The song was originally going to be called "Groovy Afro", but was changed to "Kinky Afro" after The Farm released a similarly named song titled "Groovy Train" earlier in 1990.

Release
The song was the band's biggest hit in the United States, reaching number one on the US Billboard Modern Rock Tracks chart.
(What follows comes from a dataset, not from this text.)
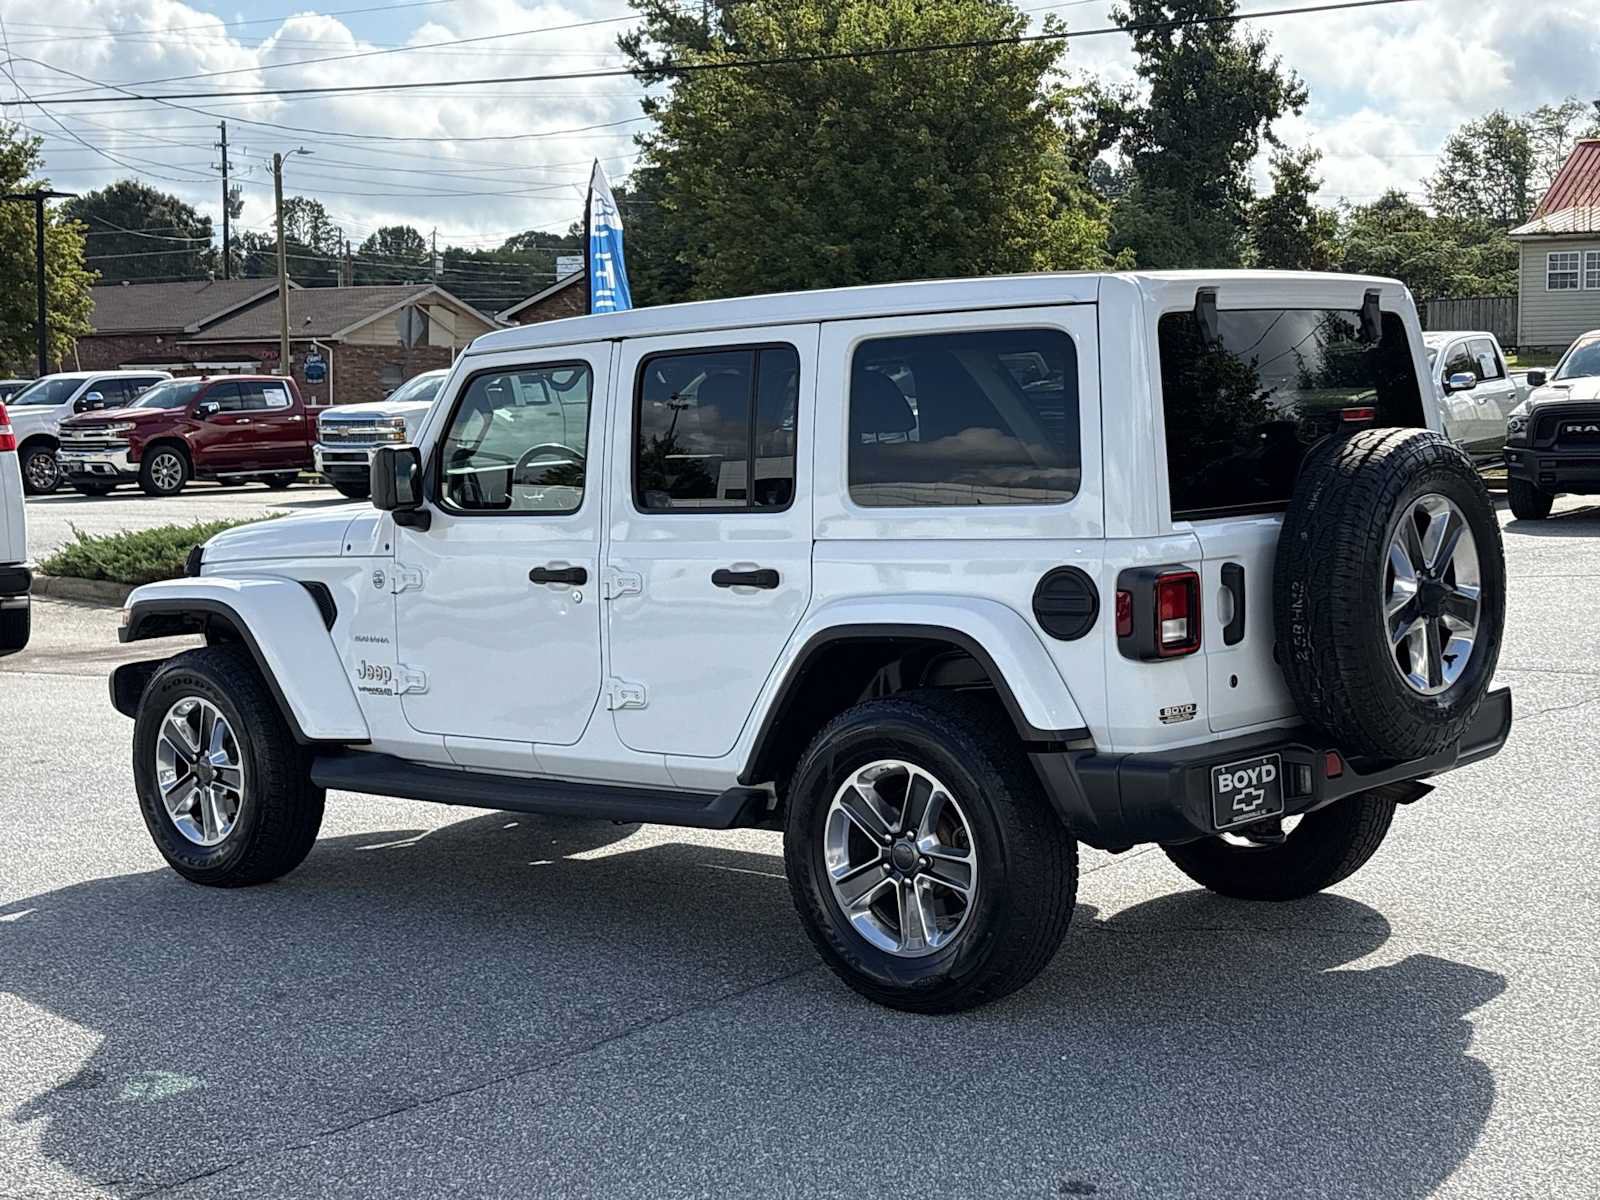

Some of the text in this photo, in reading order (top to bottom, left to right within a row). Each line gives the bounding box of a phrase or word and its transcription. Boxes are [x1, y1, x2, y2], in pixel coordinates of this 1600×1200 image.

It reached number five in the United Kingdom, tied with "Step On" as the band's highest-charting single there. "Kinky Afro" was also the band's highest-charting single in Australasia, peaking at number 63 on Australia's ARIA Singles Chart and number 34 on New Zealand's Recorded Music NZ (then RIANZ) chart.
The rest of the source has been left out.